▶ **WHAT THIS TASK INVOLVES**: Your answer must be the records below, reproduced exactly.

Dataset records
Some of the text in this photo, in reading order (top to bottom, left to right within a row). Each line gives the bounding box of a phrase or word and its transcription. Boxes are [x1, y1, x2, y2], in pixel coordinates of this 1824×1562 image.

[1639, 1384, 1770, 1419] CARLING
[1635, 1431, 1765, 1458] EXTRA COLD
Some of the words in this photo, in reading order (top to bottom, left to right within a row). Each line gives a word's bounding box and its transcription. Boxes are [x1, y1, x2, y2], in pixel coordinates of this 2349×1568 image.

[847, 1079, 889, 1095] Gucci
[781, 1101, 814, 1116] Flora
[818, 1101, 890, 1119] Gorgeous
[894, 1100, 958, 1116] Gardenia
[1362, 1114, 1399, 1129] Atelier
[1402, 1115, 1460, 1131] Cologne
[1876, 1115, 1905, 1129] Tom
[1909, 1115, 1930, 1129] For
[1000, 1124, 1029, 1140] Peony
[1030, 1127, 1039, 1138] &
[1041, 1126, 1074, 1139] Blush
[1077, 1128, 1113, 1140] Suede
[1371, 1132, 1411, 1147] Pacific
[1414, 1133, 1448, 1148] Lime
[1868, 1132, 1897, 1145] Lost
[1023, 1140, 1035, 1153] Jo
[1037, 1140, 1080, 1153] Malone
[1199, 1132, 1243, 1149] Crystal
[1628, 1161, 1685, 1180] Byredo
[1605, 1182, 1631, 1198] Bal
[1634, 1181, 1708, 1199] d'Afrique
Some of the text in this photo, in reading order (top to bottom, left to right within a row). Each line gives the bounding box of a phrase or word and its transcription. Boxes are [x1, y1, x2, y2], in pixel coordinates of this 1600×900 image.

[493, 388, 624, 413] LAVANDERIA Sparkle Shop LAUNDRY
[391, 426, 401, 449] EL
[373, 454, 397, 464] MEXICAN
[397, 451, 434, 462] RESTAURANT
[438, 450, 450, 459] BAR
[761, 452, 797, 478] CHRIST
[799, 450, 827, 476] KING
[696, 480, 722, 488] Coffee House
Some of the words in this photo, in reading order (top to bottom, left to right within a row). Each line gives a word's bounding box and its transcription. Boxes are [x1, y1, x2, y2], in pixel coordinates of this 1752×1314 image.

▶ **ANSWER FOR THIS EXERCISE**:
Some of the text in this photo, in reading order (top to bottom, left to right within a row). Each line gives the bounding box of a phrase or word and its transcription. Boxes are [x1, y1, x2, y2], in pixel coordinates of this 1824×1562 image.

[1639, 1384, 1770, 1419] CARLING
[1635, 1431, 1765, 1458] EXTRA COLD
Some of the words in this photo, in reading order (top to bottom, left to right within a row). Each line gives a word's bounding box and its transcription. Boxes are [x1, y1, x2, y2], in pixel coordinates of this 2349×1568 image.

[847, 1079, 889, 1095] Gucci
[781, 1101, 814, 1116] Flora
[818, 1101, 890, 1119] Gorgeous
[894, 1100, 958, 1116] Gardenia
[1362, 1114, 1399, 1129] Atelier
[1402, 1115, 1460, 1131] Cologne
[1876, 1115, 1905, 1129] Tom
[1909, 1115, 1930, 1129] For
[1000, 1124, 1029, 1140] Peony
[1030, 1127, 1039, 1138] &
[1041, 1126, 1074, 1139] Blush
[1077, 1128, 1113, 1140] Suede
[1371, 1132, 1411, 1147] Pacific
[1414, 1133, 1448, 1148] Lime
[1868, 1132, 1897, 1145] Lost
[1023, 1140, 1035, 1153] Jo
[1037, 1140, 1080, 1153] Malone
[1199, 1132, 1243, 1149] Crystal
[1628, 1161, 1685, 1180] Byredo
[1605, 1182, 1631, 1198] Bal
[1634, 1181, 1708, 1199] d'Afrique
Some of the text in this photo, in reading order (top to bottom, left to right within a row). Each line gives the bounding box of a phrase or word and its transcription. Boxes are [x1, y1, x2, y2], in pixel coordinates of this 1600×900 image.

[493, 388, 624, 413] LAVANDERIA Sparkle Shop LAUNDRY
[391, 426, 401, 449] EL
[373, 454, 397, 464] MEXICAN
[397, 451, 434, 462] RESTAURANT
[438, 450, 450, 459] BAR
[761, 452, 797, 478] CHRIST
[799, 450, 827, 476] KING
[696, 480, 722, 488] Coffee House
Some of the words in this photo, in reading order (top to bottom, left to right within a row). Each line gives a word's bounding box and its transcription. Boxes are [x1, y1, x2, y2], in pixel coordinates of this 1752×1314 image.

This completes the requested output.